◆ WORKING DATA
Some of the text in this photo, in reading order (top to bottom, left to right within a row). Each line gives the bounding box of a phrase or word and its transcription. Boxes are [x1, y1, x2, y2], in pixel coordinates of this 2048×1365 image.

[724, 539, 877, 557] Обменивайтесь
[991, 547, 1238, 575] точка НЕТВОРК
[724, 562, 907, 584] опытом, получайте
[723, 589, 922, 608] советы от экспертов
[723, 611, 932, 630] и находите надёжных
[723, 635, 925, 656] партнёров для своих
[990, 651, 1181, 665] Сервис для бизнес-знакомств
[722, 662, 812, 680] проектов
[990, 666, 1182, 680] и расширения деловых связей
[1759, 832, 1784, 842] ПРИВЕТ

◆ WHAT TO DO
The records above must be repeated exactly, in their entirety.

◆ OUTPUT BELOW
Some of the text in this photo, in reading order (top to bottom, left to right within a row). Each line gives the bounding box of a phrase or word and its transcription. Boxes are [x1, y1, x2, y2], in pixel coordinates of this 2048×1365 image.

[724, 539, 877, 557] Обменивайтесь
[991, 547, 1238, 575] точка НЕТВОРК
[724, 562, 907, 584] опытом, получайте
[723, 589, 922, 608] советы от экспертов
[723, 611, 932, 630] и находите надёжных
[723, 635, 925, 656] партнёров для своих
[990, 651, 1181, 665] Сервис для бизнес-знакомств
[722, 662, 812, 680] проектов
[990, 666, 1182, 680] и расширения деловых связей
[1759, 832, 1784, 842] ПРИВЕТ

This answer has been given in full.